I also have to mention what I am learning as I begin this new journey. Just as I had to have the support around me to be successful at my weight loss, I am learning it's just as important for me to have the support around me to succeed in other areas of my life. I have found an AMAZING group of people who are helping me be the best I can be so that I can help more people. It's so important. I am so grateful for the man in my life who encourages me, who supports me and who helps me remember who I am when my doubts and fears come up. I can't stress enough what a gift it is to know that these angels in my life will hold me up as I reach down to help others up.

Friday, September 2, 2011

"FAST FOOD KILLS"

Ever thought about how fast food is contributing to so many issues in our society? I am NO expert at all the stats out there but as I sit here in a very well known fast food chain, I can't help but think about how much we rely on this over processed and under nourished food that we consume soo much of on a daily basis. I am sure you have seen from time to time someone on TV pile up the amount of unhealthy food we eat in a year in efforts to make a point to how much we really are consuming and how it affects us. I think back when I used to come to this particular fast food restaurant twice a day.. Lunch and Dinner and how I used to eat 2 full meals of at least 60 grams of fat each. When I used to go to 2 or 3 drive thrus in a 15 minute span to get my fill of fries. I was killing myself. I have eaten out in a restaurant only 3 times in 2 1/2 years. I am not saying that that is right for everyone but it works for me it's just not worth the money and it's hard to find places that are willing to give me the amount of vegetables I am looking for.

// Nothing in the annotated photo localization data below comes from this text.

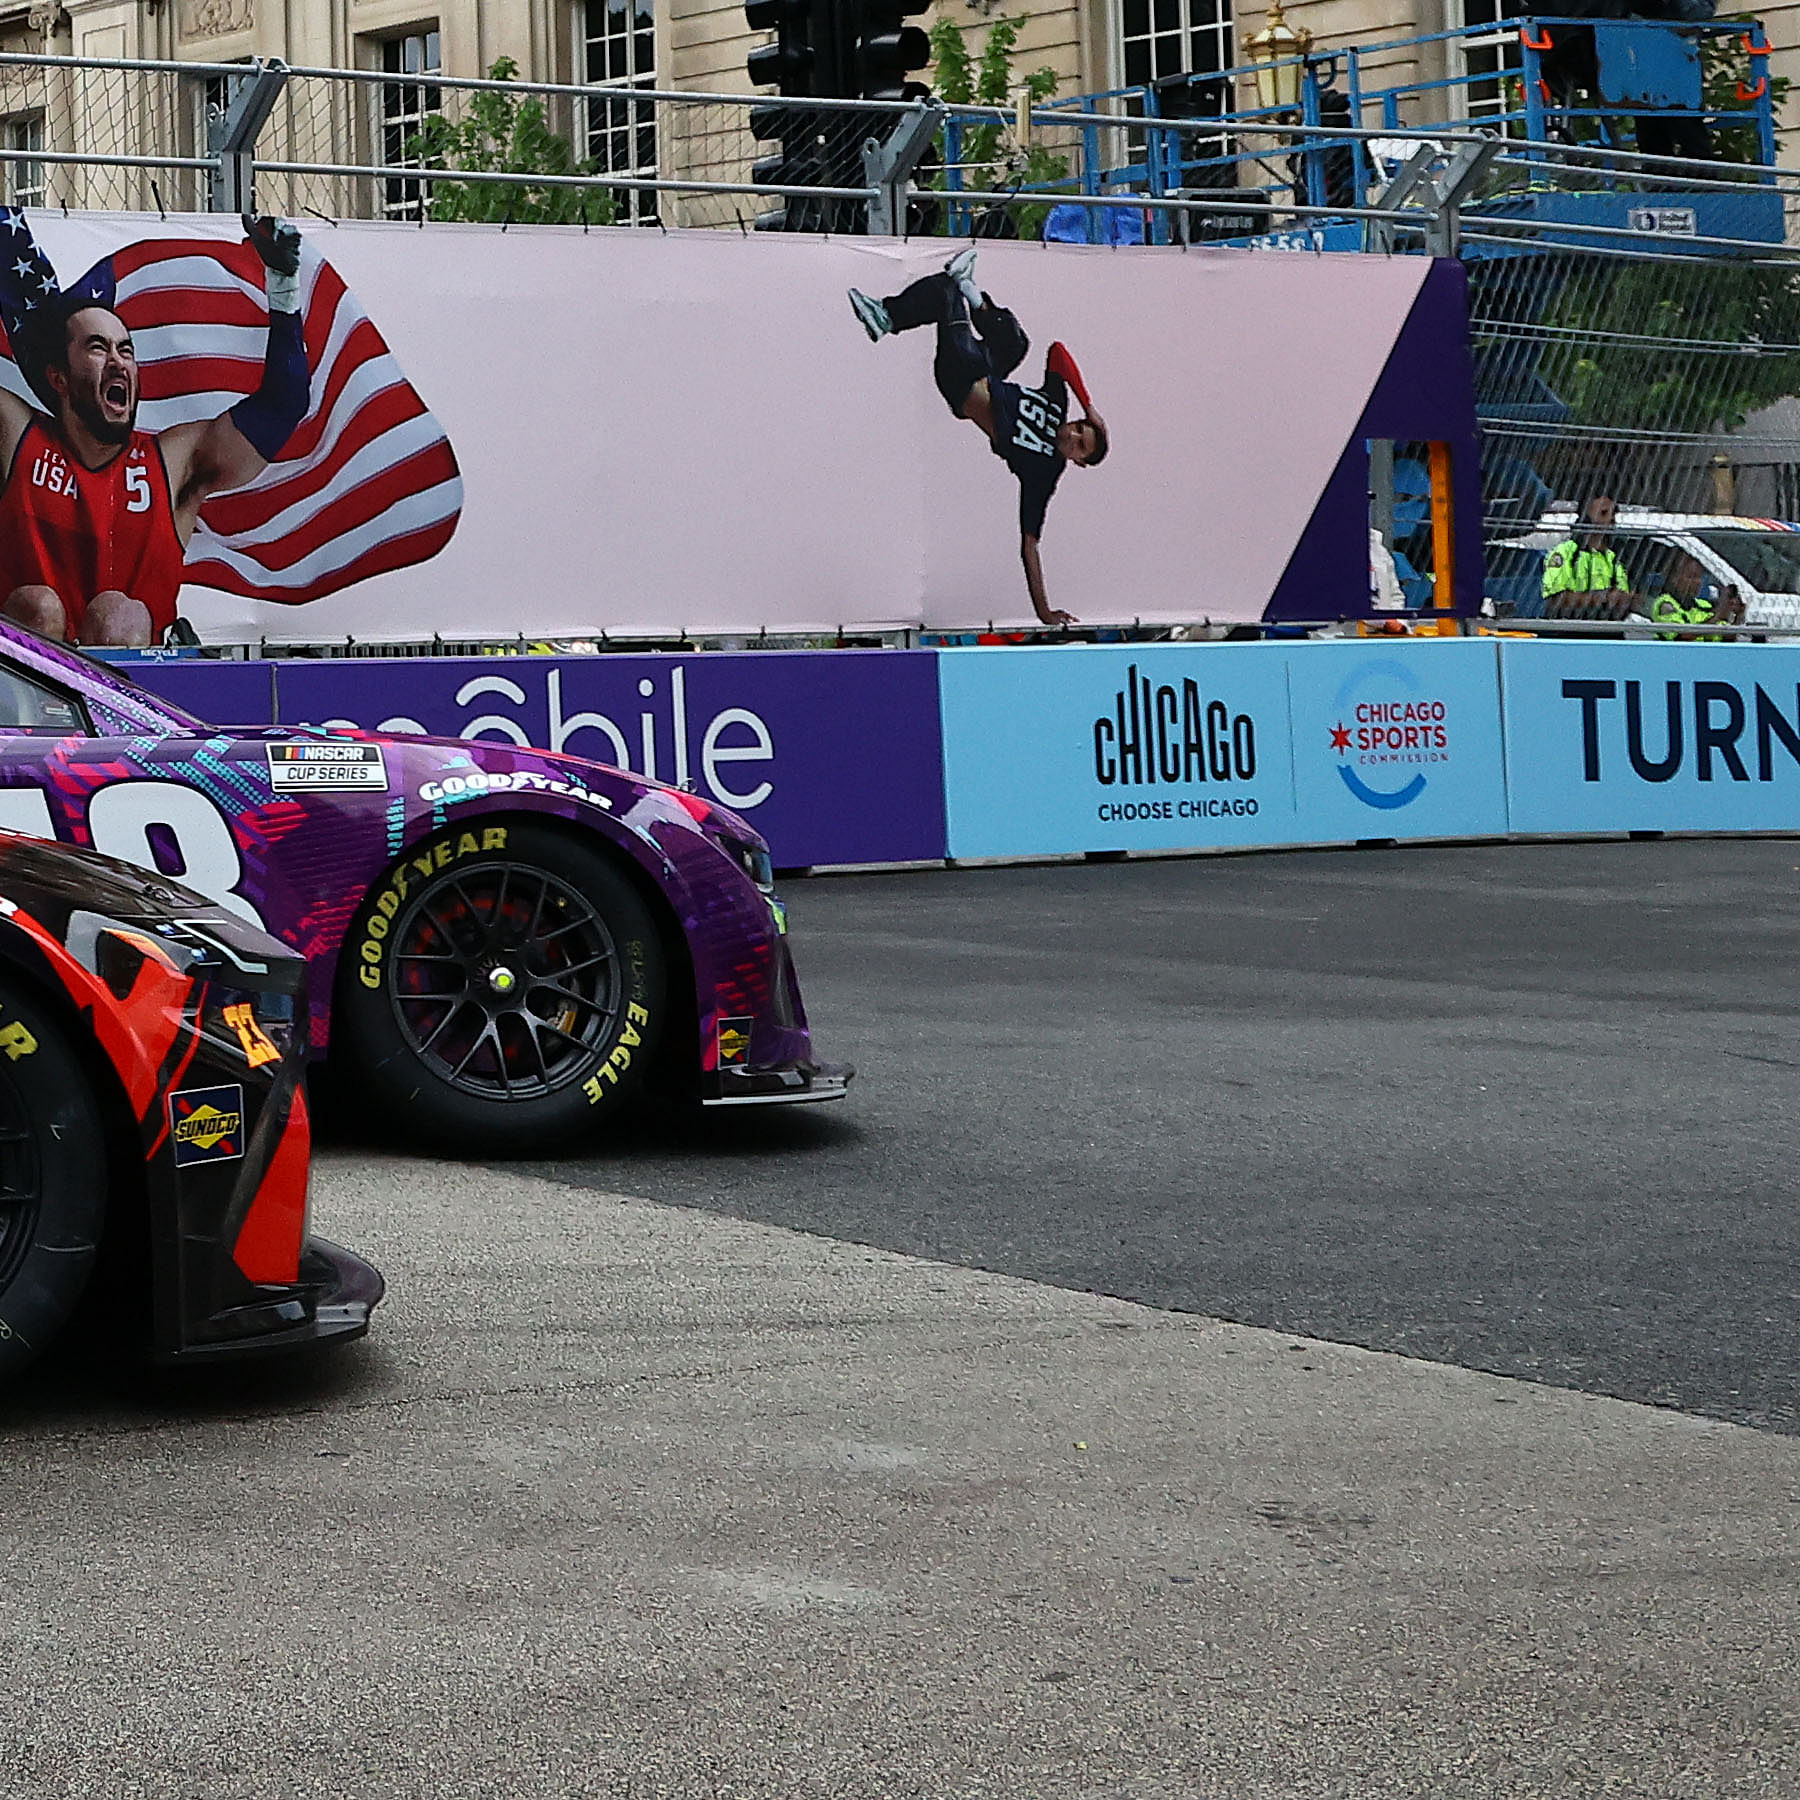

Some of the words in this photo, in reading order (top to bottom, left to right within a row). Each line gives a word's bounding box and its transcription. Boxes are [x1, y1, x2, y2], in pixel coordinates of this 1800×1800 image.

[32, 457, 79, 500] USA
[125, 465, 152, 513] 5
[140, 649, 178, 657] RECYCLE
[1094, 663, 1258, 786] CHICAGO
[1355, 701, 1446, 723] CHICAGO
[1357, 725, 1448, 751] SPORTS
[1561, 679, 1800, 783] TURN
[305, 747, 364, 761] NASCAR
[1359, 752, 1449, 766] COMMISSION
[287, 767, 316, 780] CUP
[318, 767, 368, 780] SERIES
[1098, 801, 1173, 822] CHOOSE
[1178, 798, 1259, 819] CHICAGO
[582, 1000, 649, 1105] EAGLE
[174, 1114, 241, 1143] SUNOCO

Sitting here and watching children who are overweight at such a young age, it just fuels my desire to make a difference in this world, even more. It's up to us individually to start taking responsibility for our health and if we are parents, for our kids. Yes, fast food restaurants can be really convenient but in the long run, visiting these type of places, sets us up for horrible habits that eventually lead to all kinds of diseases and ultimately death.

I have been meeting with people who see what I see and have a great desire to reach out and help others. We can't expect to hand off our personal well being off to anyone any longer. If we don't start taking our health seriously, we will continue to suffer from the 43,000 diseases out there that would otherwise be preventable. Yes. that's right.. most diseases that people are dying from these days are PREVENTABLE. Some of you reading this may say.. "Well, I have bad genes and I got cancer because my mother had cancer." Of course there are diseases that are passed down from generation to generation but let me tell you just from my own life story is all the health problems I went into the doctor for a couple of years ago are GONE now that I have gotten healthy. My hormones used to be all over the place, I was tired all the time, my back hurt, I had irritable bowel syndrome, Poly cystic ovarian syndrome, blood in my stool, skin irritations, Candida, stinky and sweaty feet and many other little things that were bothering me. I remember just 3 years ago going into the doctor and giving him a list of 8-10 items of things I wanted him to advise me on. Now, I don't even know what I would ask him about. It just goes to show that when I started taking an active role in my own personal health and wellness, how quickly the body repaired itself. Think about it 36 years of damaging it, not caring, throwing garbage down my throat and then within as little as a few months of healthy eating, I could totally shift that. It's a miracle. Our bodies are miracles. They know how to heal from extreme abuse. Sadly to say but that is what I have done to myself for so many years is abuse the hell out of this body which carries me through life.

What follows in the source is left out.